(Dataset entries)
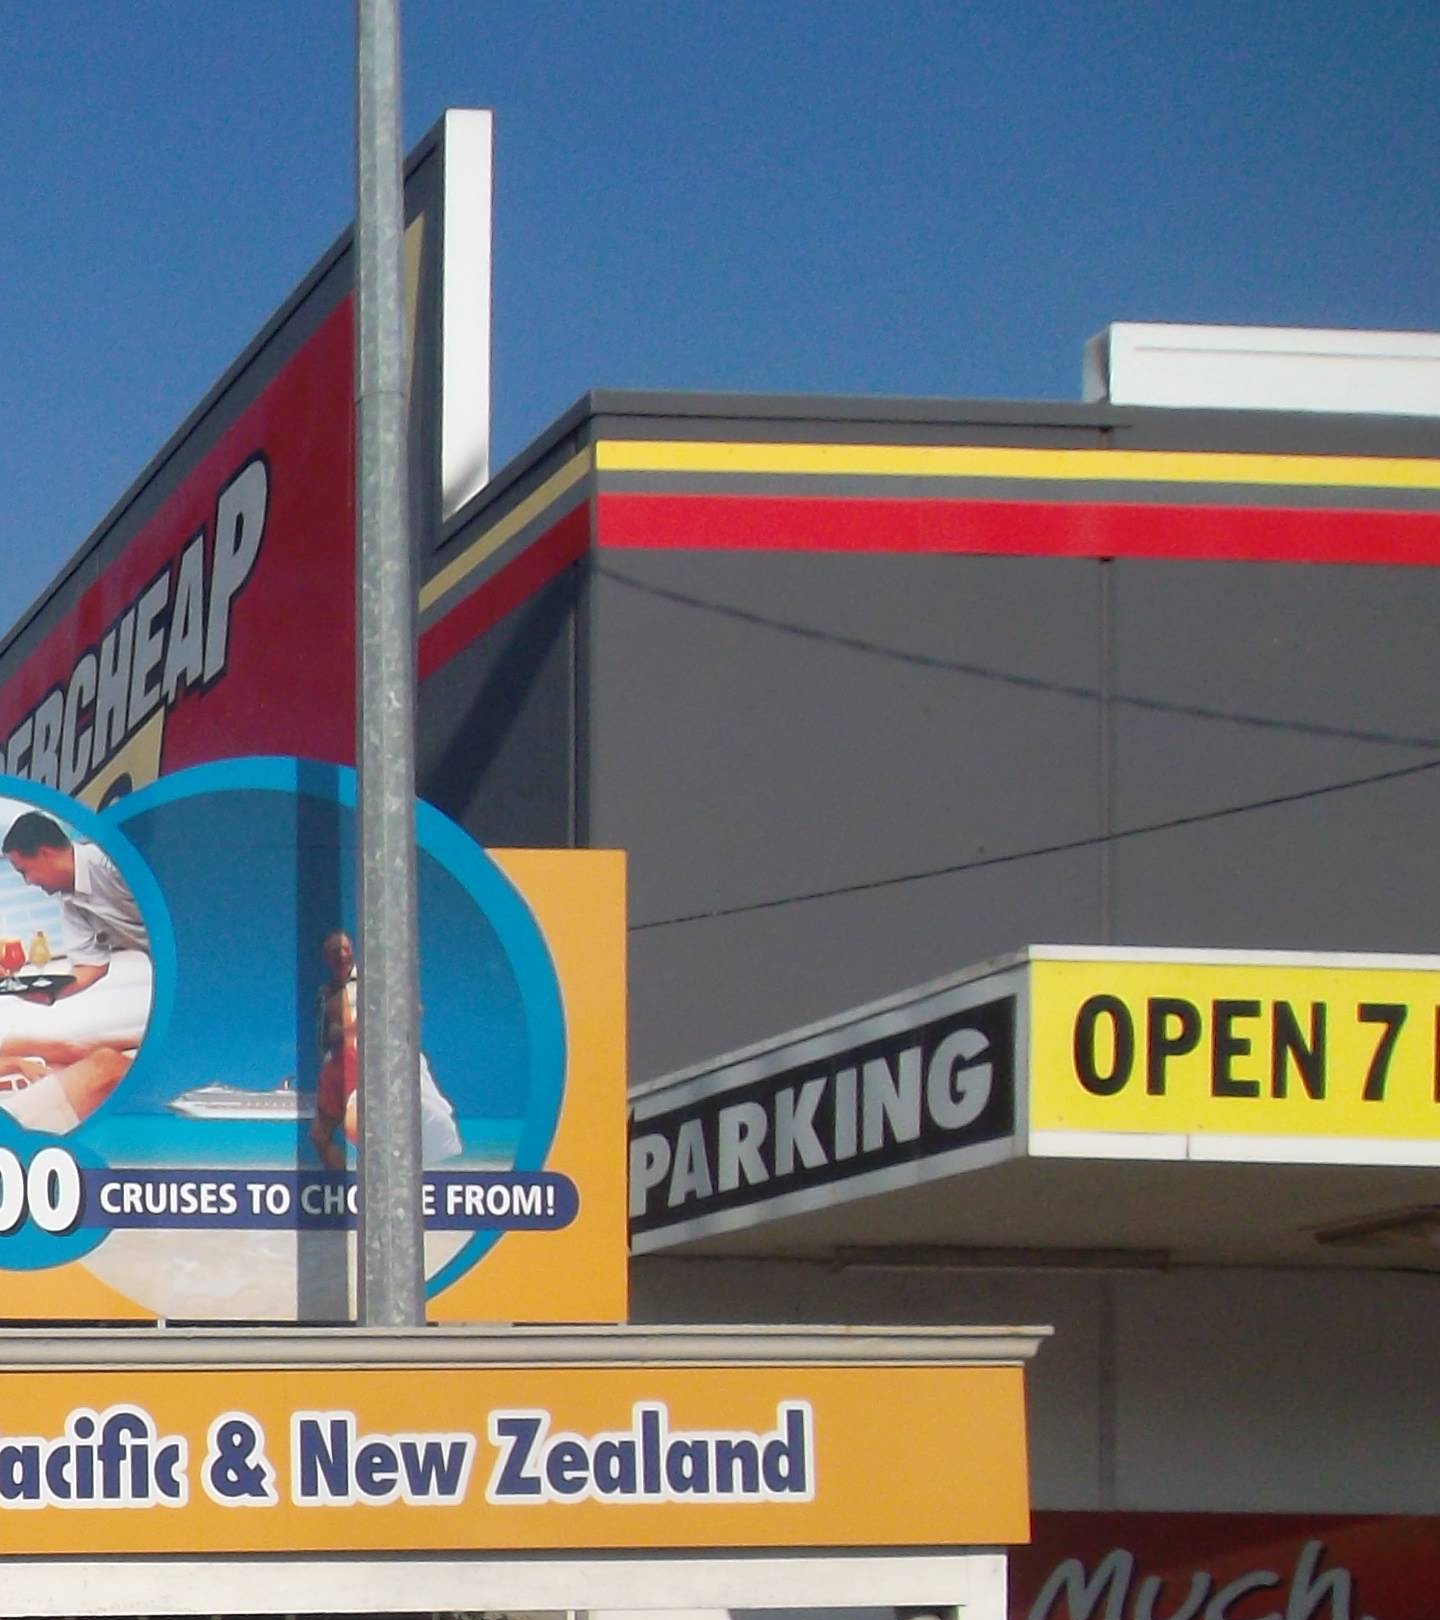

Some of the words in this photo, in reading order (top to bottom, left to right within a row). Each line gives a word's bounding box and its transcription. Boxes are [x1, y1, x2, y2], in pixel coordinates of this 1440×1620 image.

[1073, 994, 1327, 1099] OPEN
[1358, 1003, 1408, 1101] 7
[631, 1027, 994, 1215] PARKING
[100, 1182, 237, 1215] CRUISES
[248, 1184, 290, 1215] TO
[301, 1184, 436, 1216] CHE
[447, 1185, 555, 1216] FROM!
[211, 1419, 273, 1499] &
[298, 1420, 468, 1497] New
[497, 1410, 806, 1495] Zealand
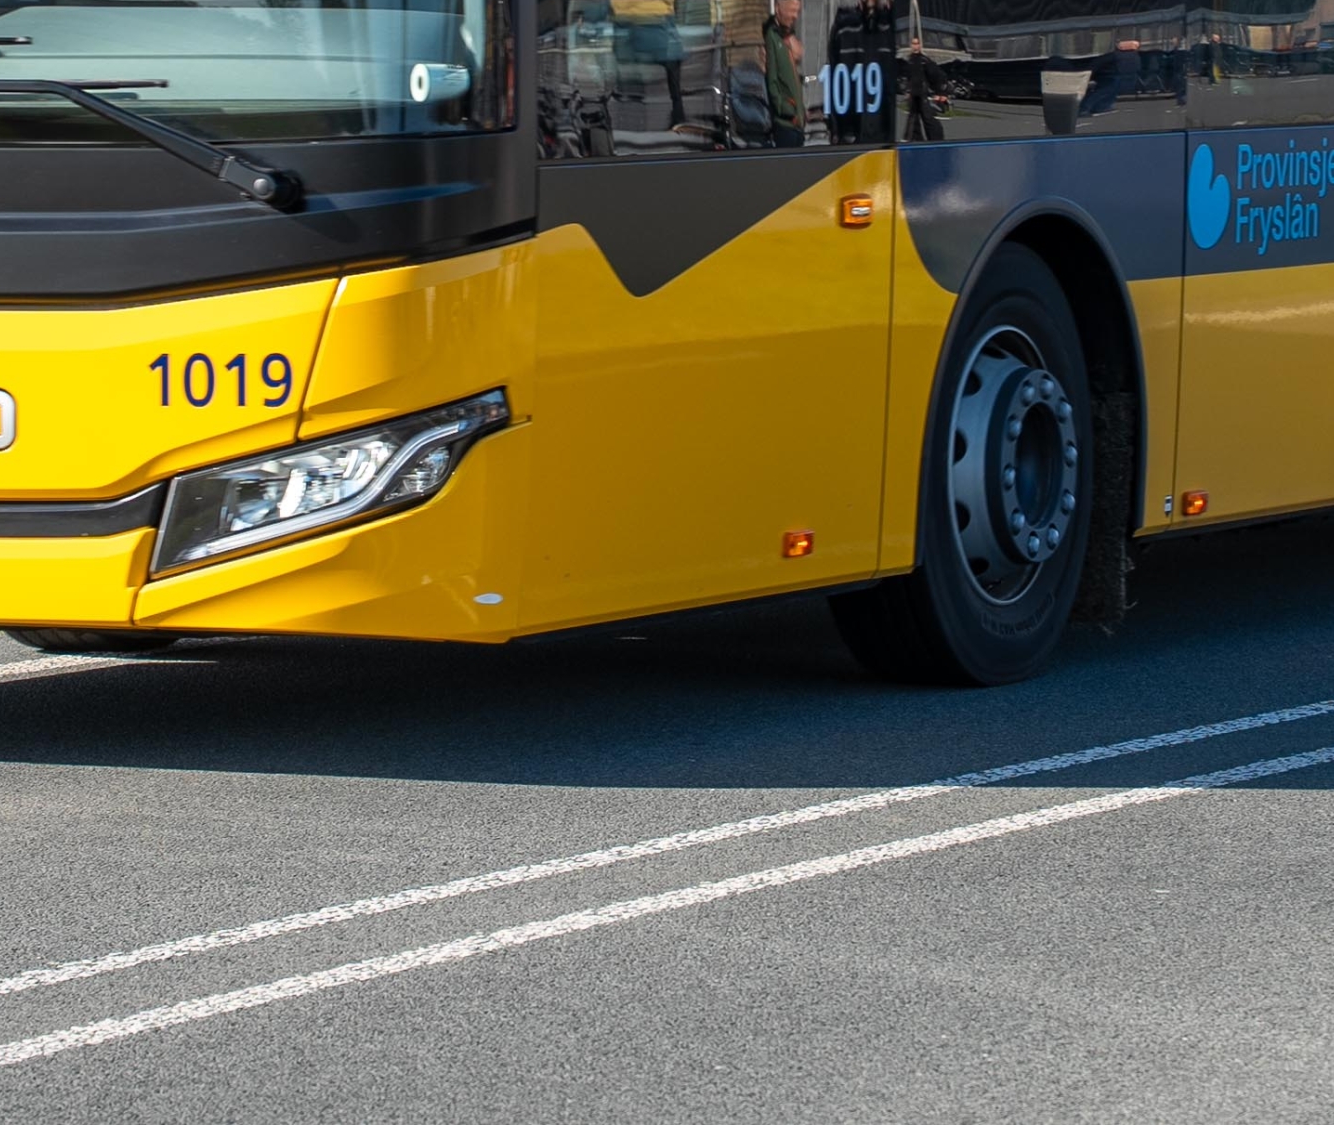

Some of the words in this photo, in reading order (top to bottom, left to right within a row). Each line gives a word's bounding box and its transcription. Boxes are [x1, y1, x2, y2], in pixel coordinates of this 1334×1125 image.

[817, 61, 884, 116] 1019
[1235, 193, 1319, 255] Fryslân
[148, 352, 293, 408] 1019

**Exercise aim:**
When the line containing "this 1334×1125 image." is found in the records above, restate it and every later line word for word through the last one, and nothing more.

**Output below:**
Some of the words in this photo, in reading order (top to bottom, left to right within a row). Each line gives a word's bounding box and its transcription. Boxes are [x1, y1, x2, y2], in pixel coordinates of this 1334×1125 image.

[817, 61, 884, 116] 1019
[1235, 193, 1319, 255] Fryslân
[148, 352, 293, 408] 1019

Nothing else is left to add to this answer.